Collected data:

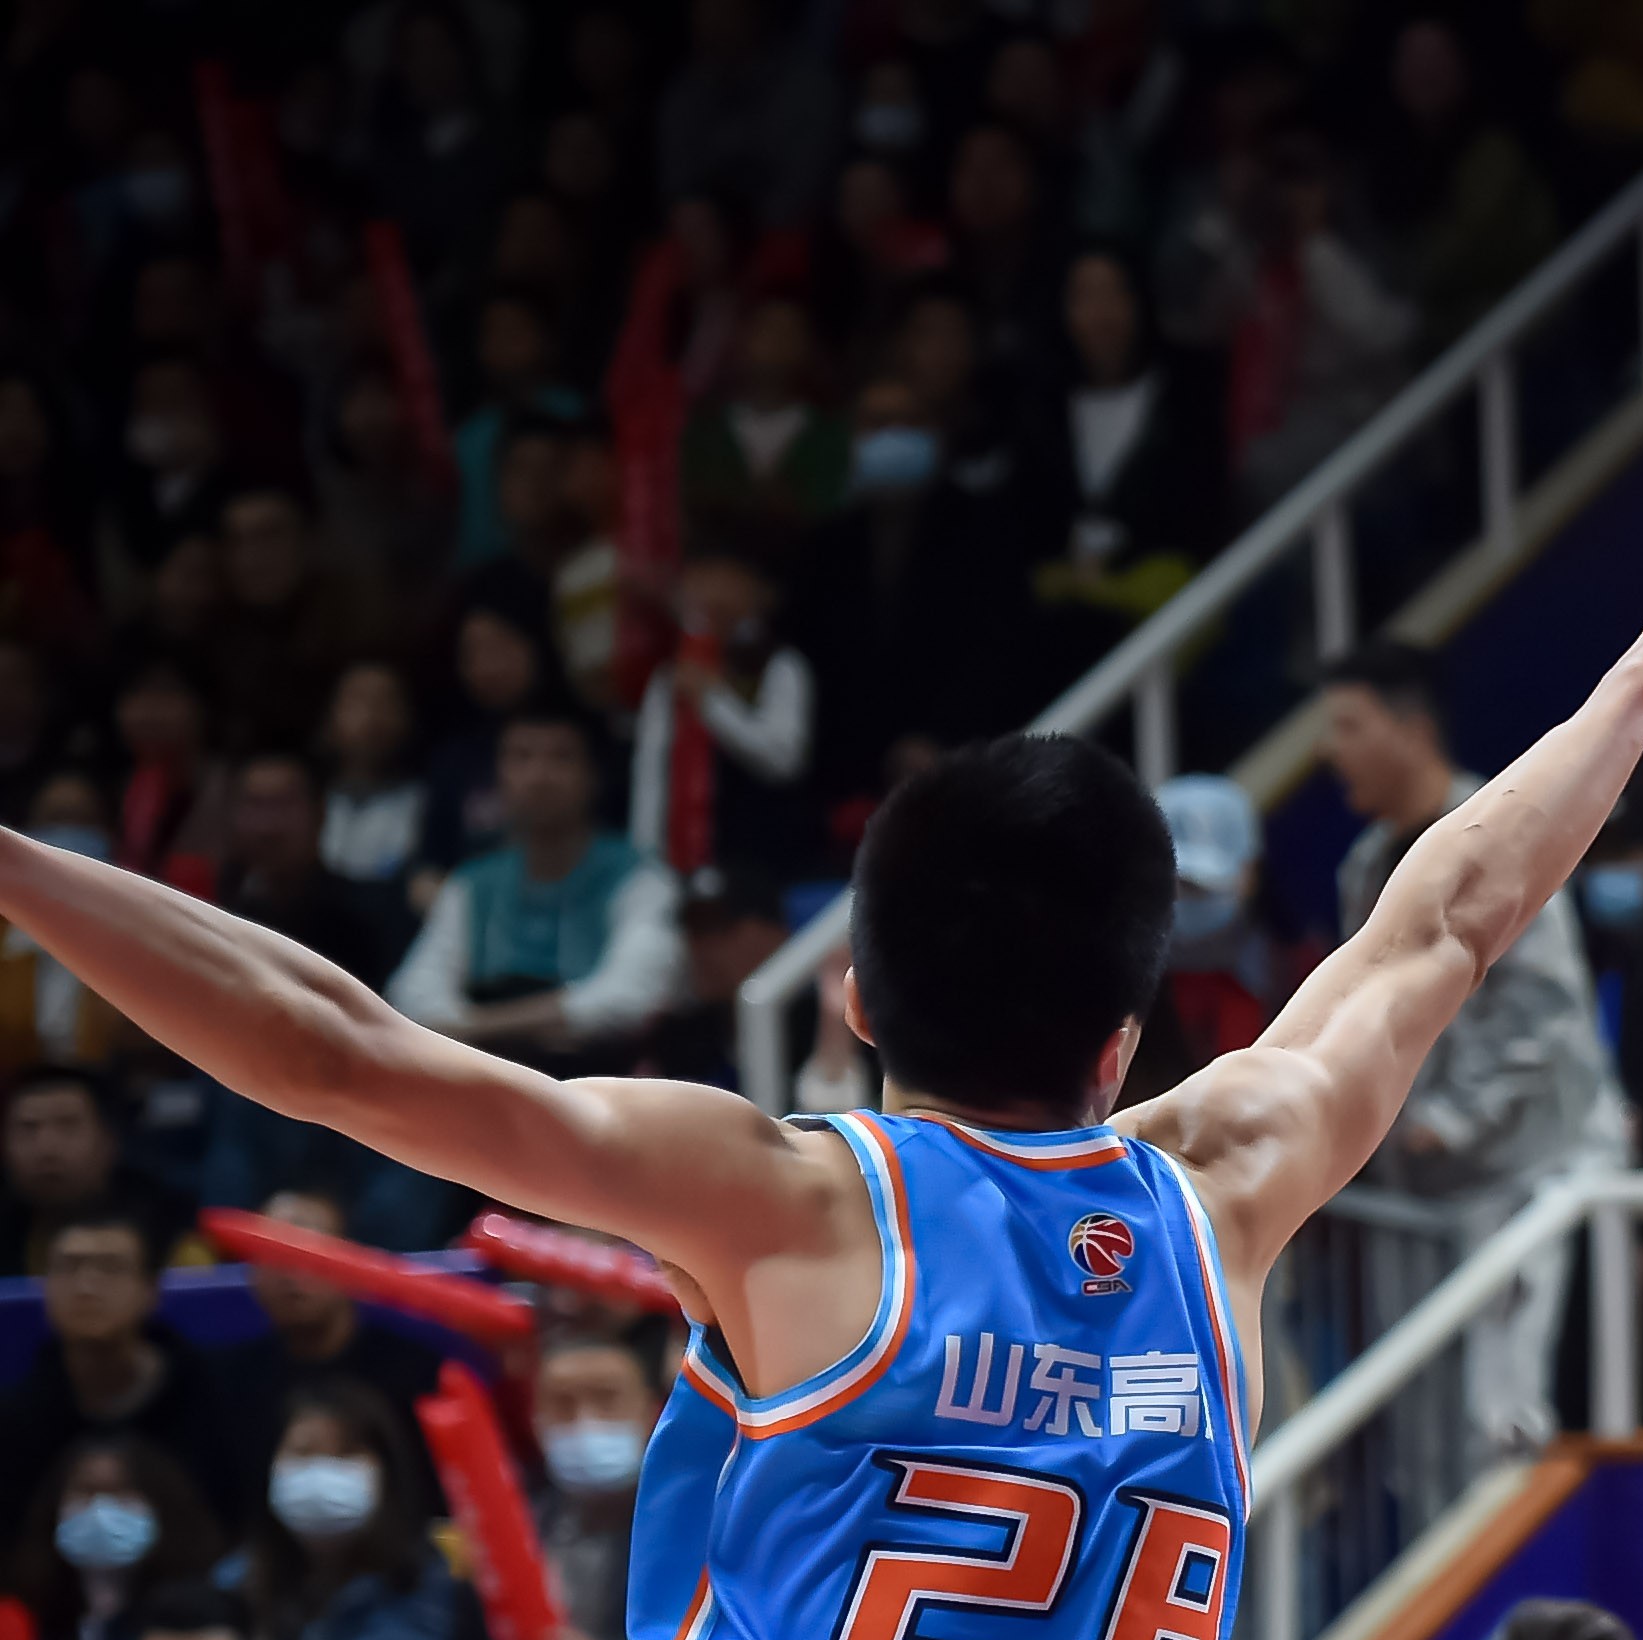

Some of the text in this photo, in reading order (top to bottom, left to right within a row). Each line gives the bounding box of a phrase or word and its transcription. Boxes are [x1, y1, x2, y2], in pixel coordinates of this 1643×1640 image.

[1083, 1278, 1132, 1296] CBA
[934, 1331, 1213, 1442] 山东高
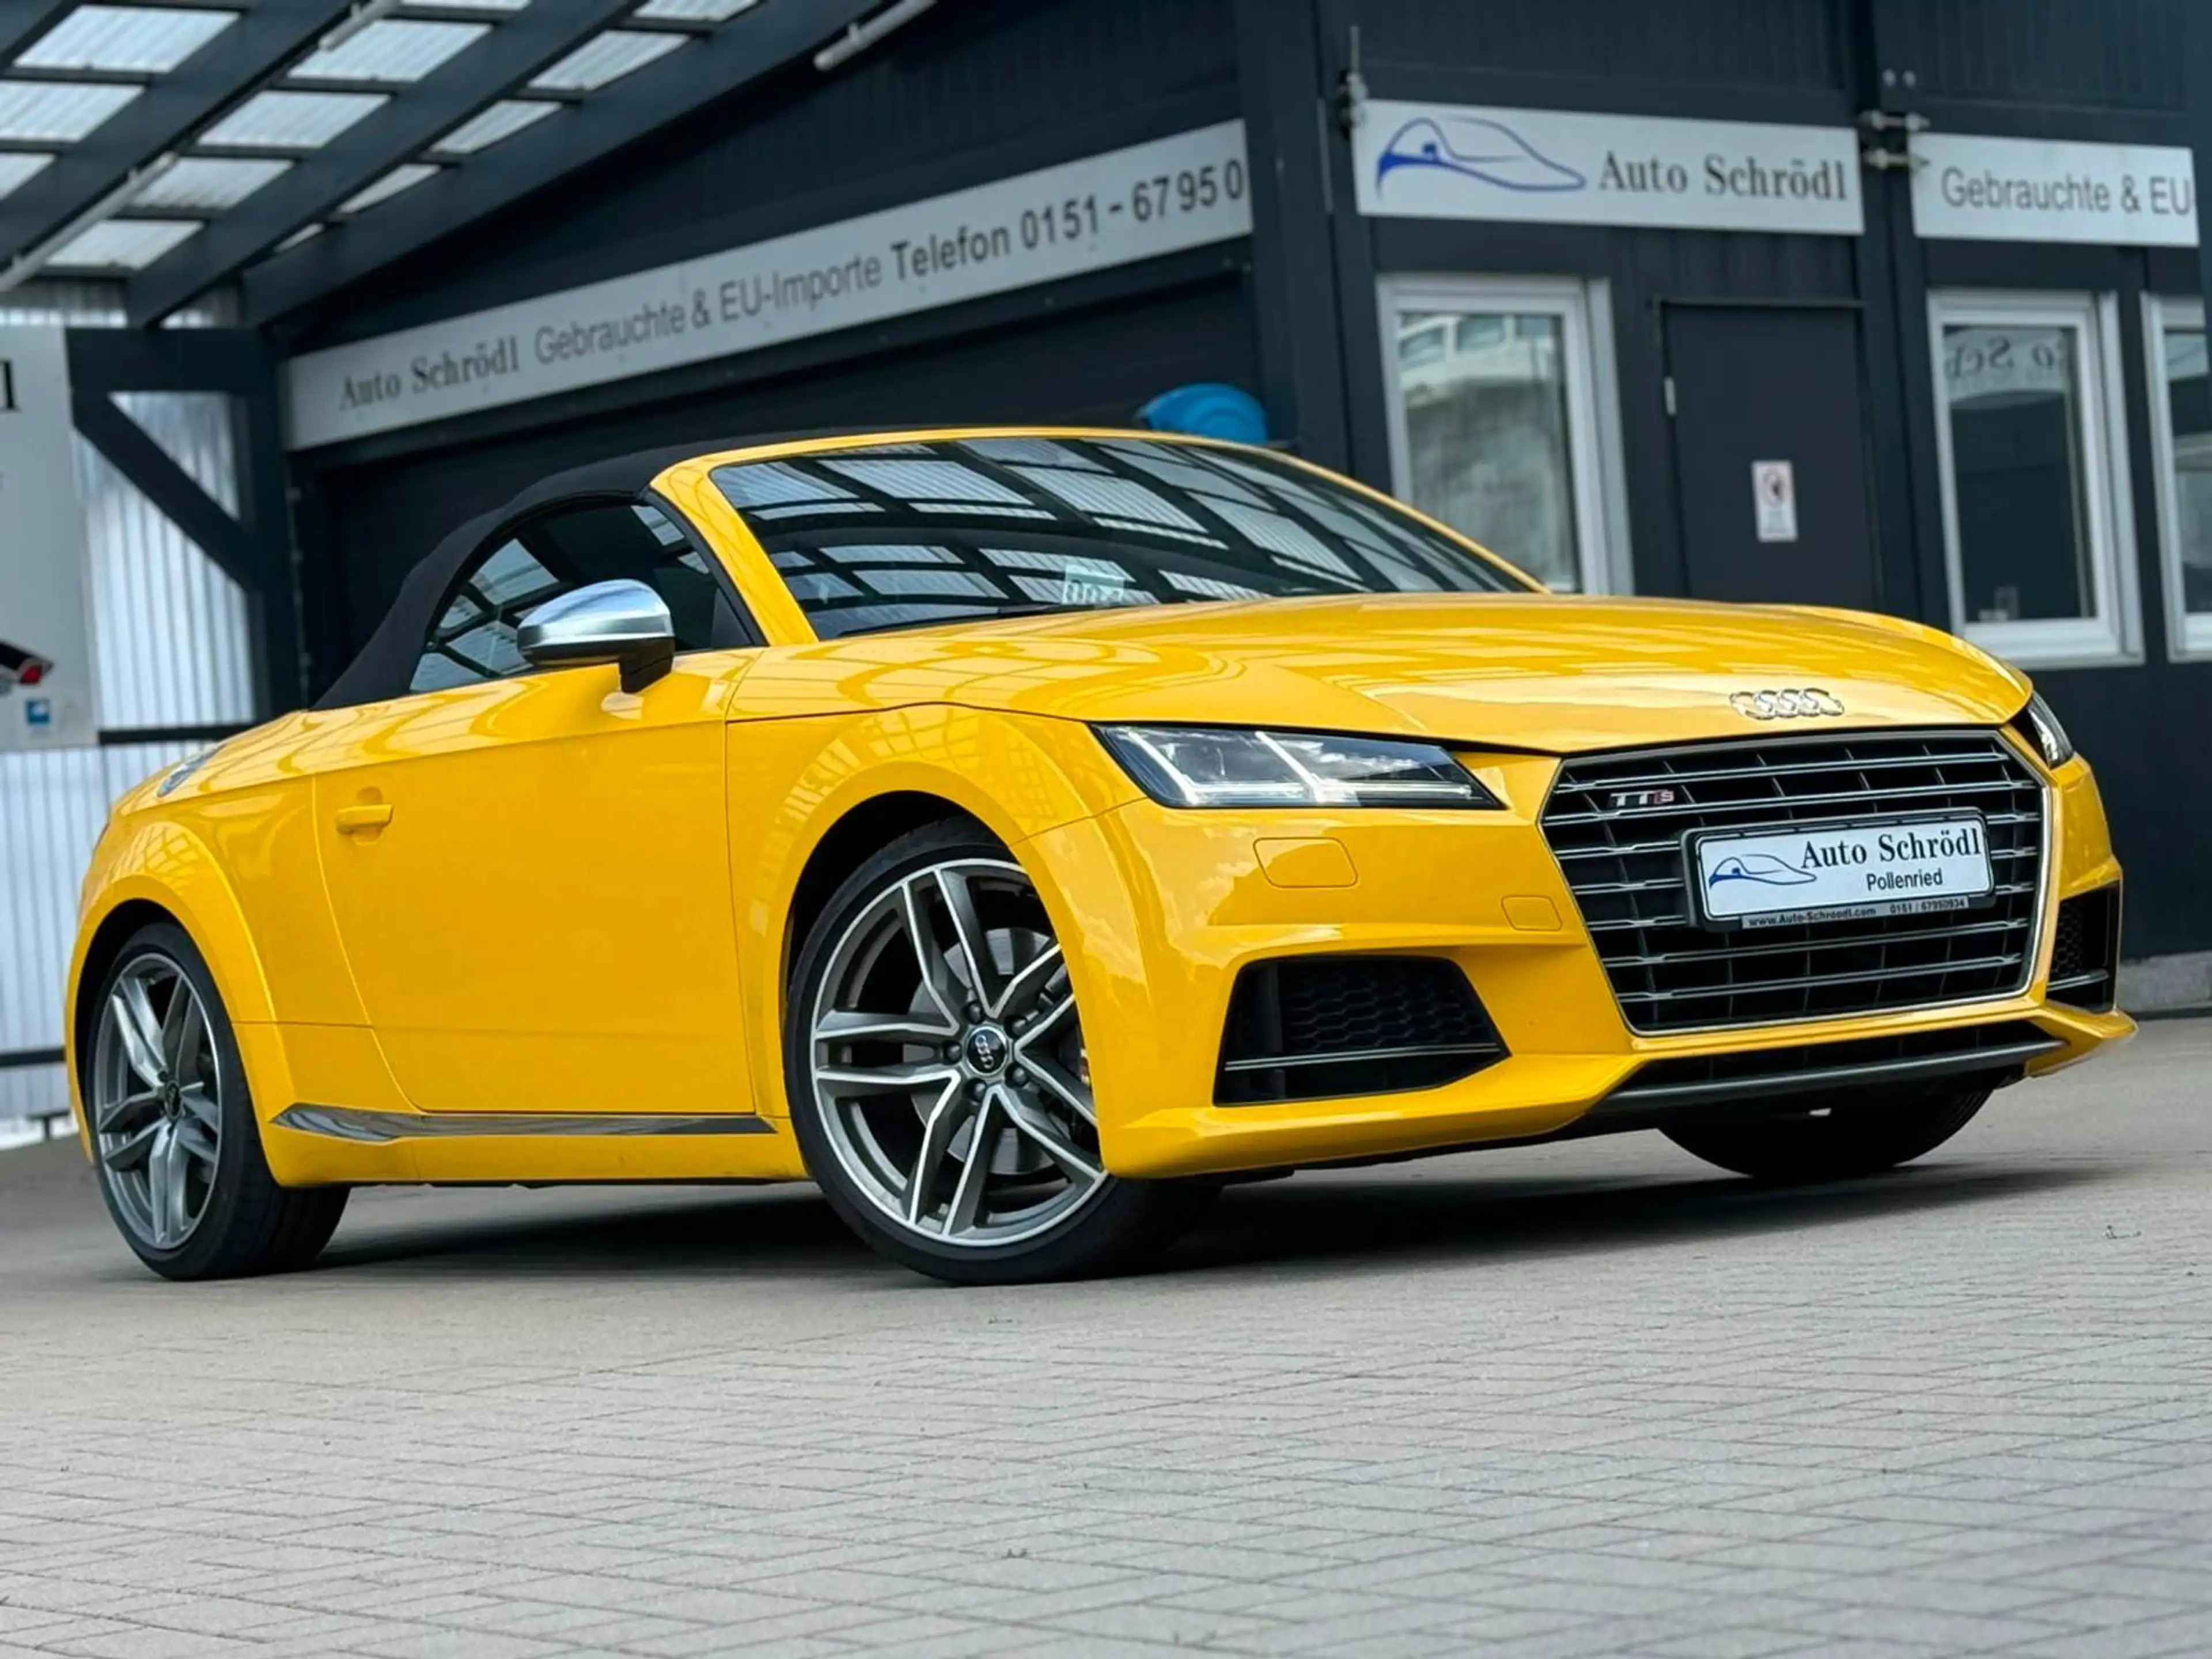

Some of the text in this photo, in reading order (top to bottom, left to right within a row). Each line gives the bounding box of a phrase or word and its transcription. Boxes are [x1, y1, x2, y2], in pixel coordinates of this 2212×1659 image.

[1599, 151, 1848, 200] Auto Schrödl
[1941, 166, 2111, 213] Gebrauchte
[2120, 173, 2142, 215] &
[339, 374, 400, 411] Auto
[411, 336, 519, 393] Schrödl
[535, 304, 685, 365] Gebrauchte
[692, 289, 711, 329] &
[719, 254, 882, 321] EU-Importe
[891, 225, 1010, 281] Telefon
[1021, 195, 1098, 251] 0151
[1611, 789, 1675, 806] TTS
[1800, 828, 1980, 869] Auto Schrödl
[1866, 869, 1943, 891] Pollenried
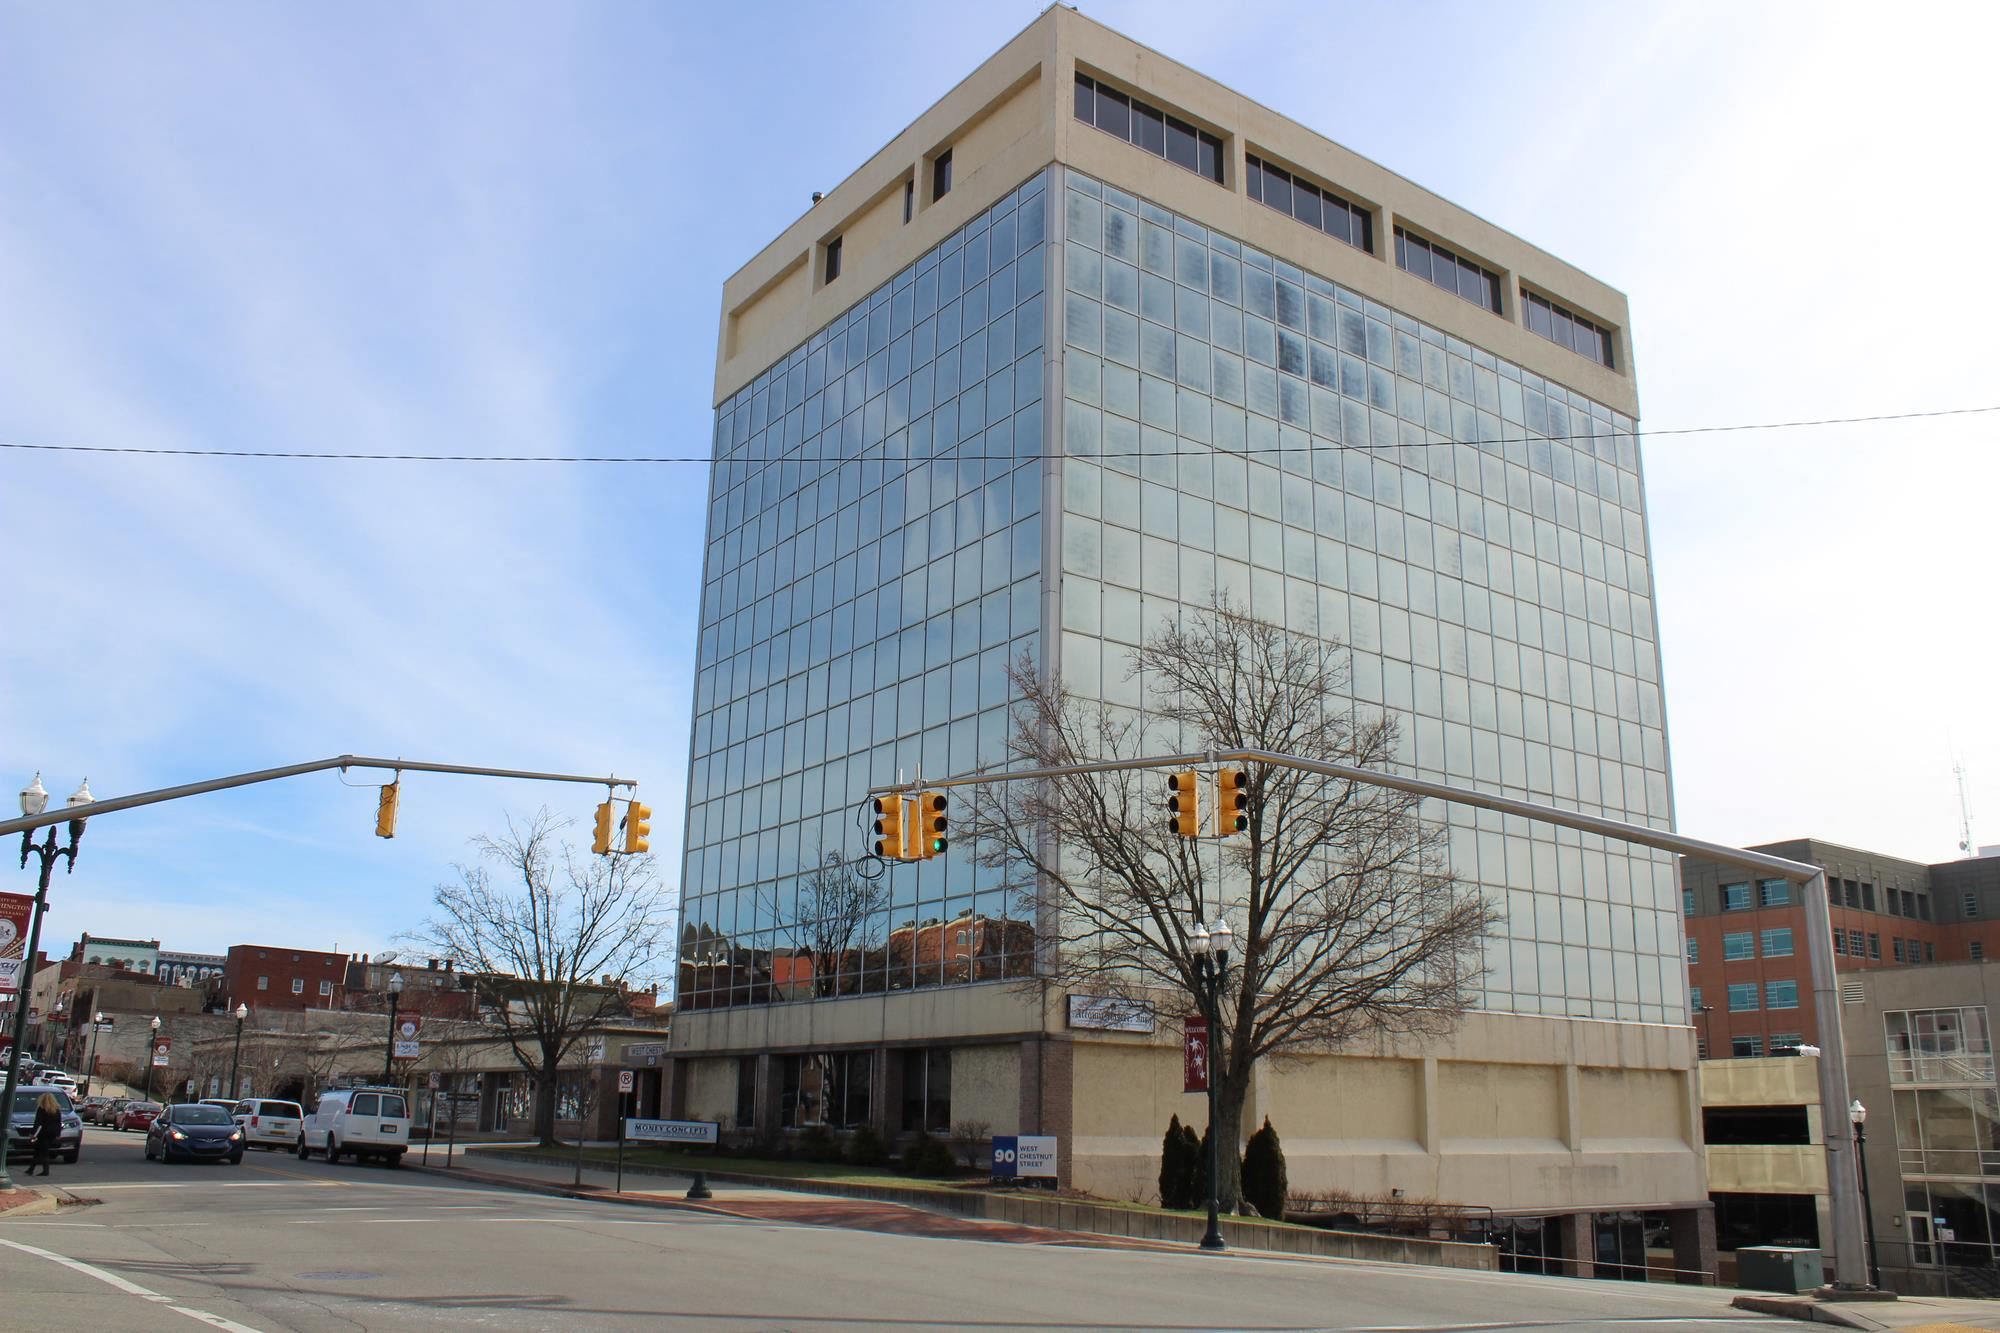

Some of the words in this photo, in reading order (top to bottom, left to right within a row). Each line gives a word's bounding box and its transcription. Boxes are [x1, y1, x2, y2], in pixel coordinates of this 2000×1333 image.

Task goal:
Give back the entries above exactly as they stand. Leave the images out.

Answer section:
Some of the text in this photo, in reading order (top to bottom, left to right within a row). Each line gives the bounding box of a phrase or word and its transcription. Boxes are [x1, y1, x2, y2], in pixel coordinates of this 1643×1640 image.

[1083, 1278, 1132, 1296] CBA
[934, 1331, 1213, 1442] 山东高

Some of the text in this photo, in reading order (top to bottom, left to right within a row). Each line gives the bounding box of a phrase or word and its transcription. Boxes are [x1, y1, x2, y2], in pixel coordinates of this 2212×1659 image.

[1599, 151, 1848, 200] Auto Schrödl
[1941, 166, 2111, 213] Gebrauchte
[2120, 173, 2142, 215] &
[339, 374, 400, 411] Auto
[411, 336, 519, 393] Schrödl
[535, 304, 685, 365] Gebrauchte
[692, 289, 711, 329] &
[719, 254, 882, 321] EU-Importe
[891, 225, 1010, 281] Telefon
[1021, 195, 1098, 251] 0151
[1611, 789, 1675, 806] TTS
[1800, 828, 1980, 869] Auto Schrödl
[1866, 869, 1943, 891] Pollenried

Some of the words in this photo, in reading order (top to bottom, left to right within a row). Each line gives a word's bounding box and its transcription. Boxes are [x1, y1, x2, y2], in pixel coordinates of this 2000×1333 image.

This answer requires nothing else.